Comment remédier à la situation ? Selon M. Mourifié, « nous devons investir dans les compétences en math des enseignants du primaire et dans leur amour de cette matière pour insuffler cette énergie aux filles dès leur jeune âge. Nous devons aussi montrer aux enfants qu’être fort en math, ce n’est pas inné, ça vient avec le travail qu’on y met ».

2. Les écoles primaires publiques doivent nourrir encore davantage la compréhension et la passion des jeunes envers les STIM

Beata Caranci, qui a eu une seule femme comme enseignante pendant ses six ans d’études postsecondaires en économie, veut voir les écoles enflammer les jeunes d’une passion pour les STIM.

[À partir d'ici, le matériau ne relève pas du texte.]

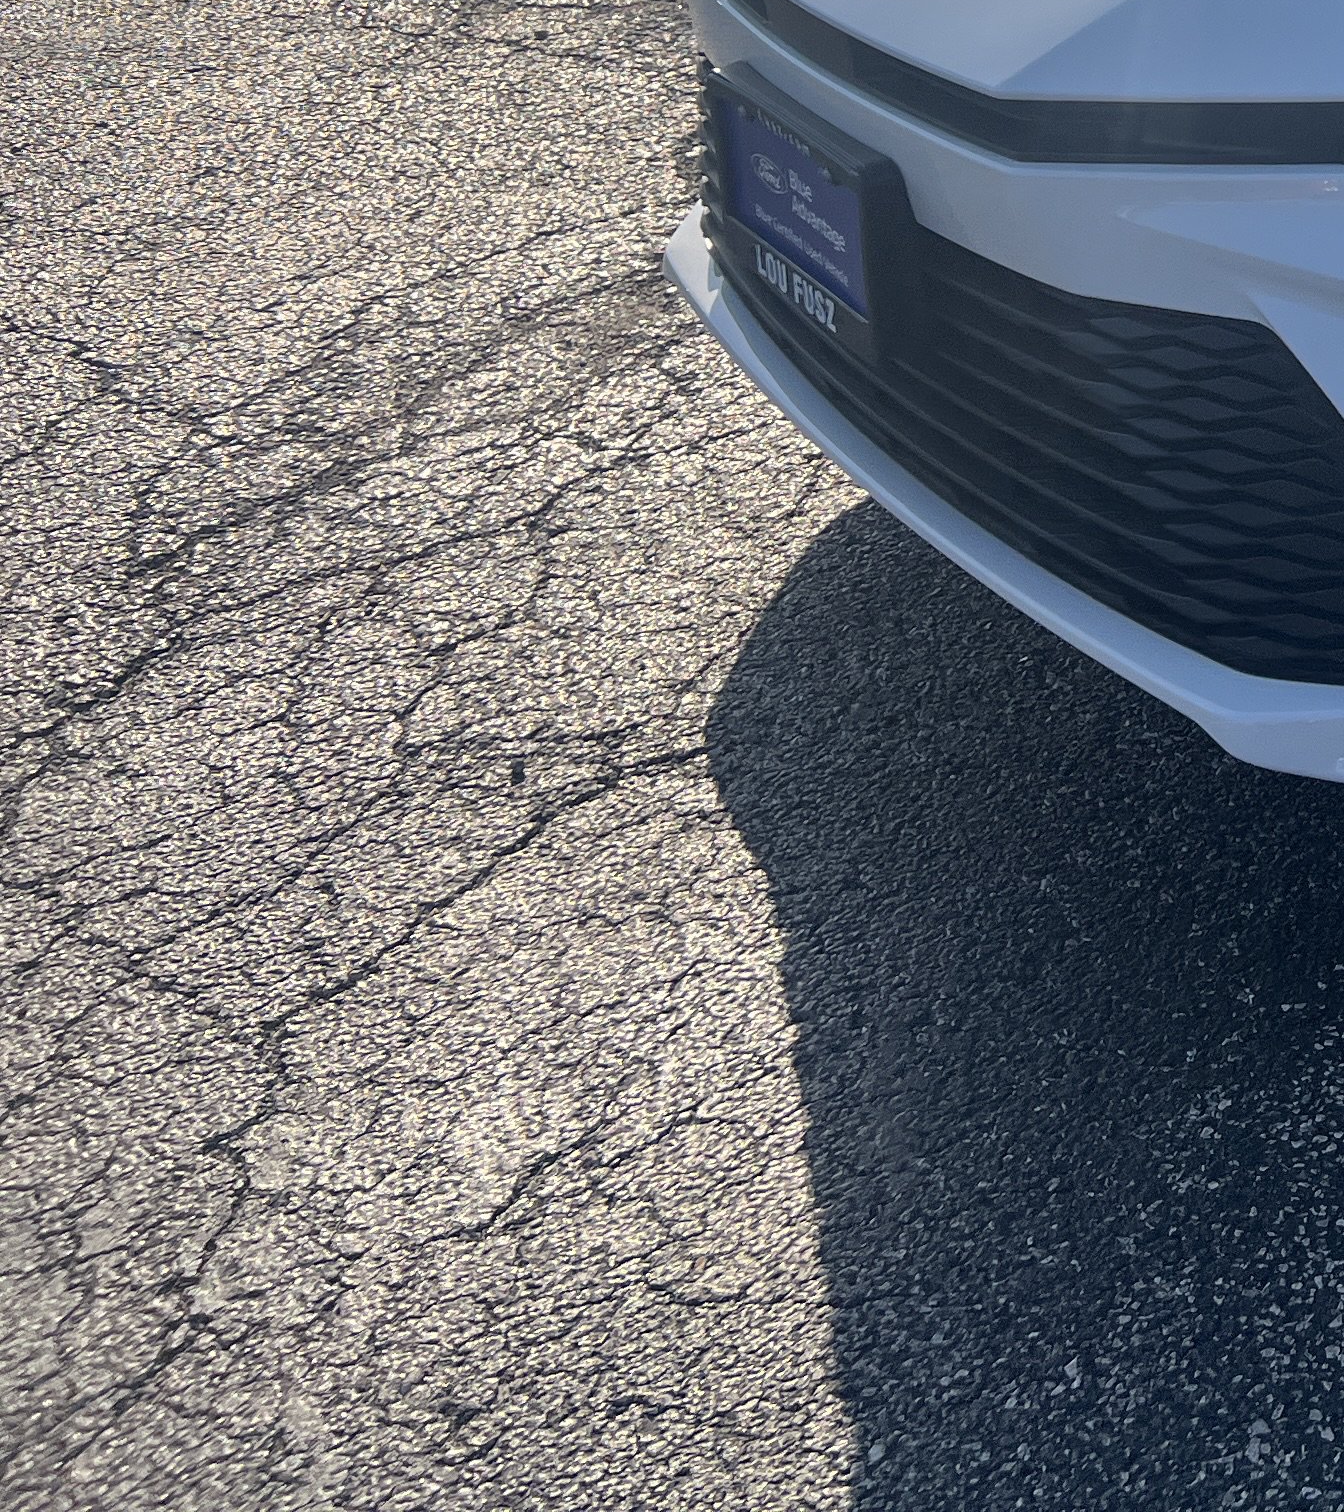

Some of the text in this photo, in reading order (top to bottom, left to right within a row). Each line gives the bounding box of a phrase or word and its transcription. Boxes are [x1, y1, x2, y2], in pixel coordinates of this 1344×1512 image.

[788, 168, 812, 202] Blue
[792, 195, 846, 252] Advantage
[754, 244, 837, 334] LOU FUSZ

Constatant que la plupart des interventions en STIM se font dans des camps trop coûteux pour bon nombre de Canadiens, Mme Caranci se demande avec inquiétude si ces efforts ne génèrent pas eux-mêmes de plus grandes inégalités. En les intégrant au système d’écoles publiques, on permettrait à tous les enfants de découvrir la multitude de possibilités de cours et de carrières dans les divers domaines des STIM.

3. Nous devons revoir et modifier la façon d’enseigner les matières relatives aux STIM

Mme Agarwal souhaite que l’enseignement en génie intègre davantage d’aspects sociaux, comme les facteurs humains et les avantages sociétaux d’une bonne conception.

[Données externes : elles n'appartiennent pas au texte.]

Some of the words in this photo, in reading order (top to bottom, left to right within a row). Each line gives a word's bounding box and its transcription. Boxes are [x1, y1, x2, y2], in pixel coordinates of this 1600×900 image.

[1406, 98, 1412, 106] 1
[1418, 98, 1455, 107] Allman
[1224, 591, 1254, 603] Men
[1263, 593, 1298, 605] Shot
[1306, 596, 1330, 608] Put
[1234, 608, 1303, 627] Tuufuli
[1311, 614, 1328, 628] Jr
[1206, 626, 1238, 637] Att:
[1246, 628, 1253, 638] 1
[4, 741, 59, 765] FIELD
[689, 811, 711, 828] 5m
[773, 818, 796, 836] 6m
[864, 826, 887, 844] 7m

Doug Dokis, conseiller principal du programme national Jeunes autochtones en STIM (A-STIM) à Actua, est entièrement d’accord. « Quand nous pourrons relier les connaissances du monde occidental moderne aux contributions culturelles des anciennes technologies [...], des plantes médicinales, de l’astronomie et des mathématiques originales, nous serons en mesure de montrer à nos étudiants l’interconnectivité du monde concret de la science et de l’humain. »

Lorsque l’enseignement des STIM élargira ses horizons, il rejoindra une plus grande population d’étudiants et d’étudiantes, y compris les jeunes filles autochtones.

La plus jeune participante à notre caucus ouvert du 7 février souscrit à ces trois recommandations.

Sophia, entrepreneure de 9 ans et partisane convaincue de l’organisation Girls-in-STEM (les filles en STIM), s’est demandé ce que nous, les adultes, pouvions faire pour sa génération et ce que cette dernière pouvait faire pour nous. Et elle nous a fait part de cette réflexion : « Le problème est plus complexe qu’on le pense. Les jeunes filles doivent avoir plus de modèles actifs qui peuvent supprimer les obstacles pour nous. »

La Journée internationale des femmes et des filles de science est l’occasion de prendre position pour toutes les femmes dans le domaine. Mais dans quelque 100 ans, j’espère que cette journée donnera encore lieu à des célébrations de réussites, parce que Sophia, ses filles et ses petites-filles n’auront pas connu le sexisme et les obstacles qu’il engendre, qu’elles feront ce qu’elles aiment et qu’elles accompliront de grandes réalisations dans les domaines de la science, de la technologie, du génie et des mathématiques.

* Art Eggleton est membre du Sénat canadien, de Toronto. Il est actuellement président du Comité permanent des affaires sociales, des sciences et de la technologie. Raymonde Saint-Germain est facilitatrice adjointe du Groupe des sénateurs indépendants. Elle a été nommée au Sénat en 2016, après deux mandats comme protectrice du citoyen du Québec et une carrière au sein de l’administration publique.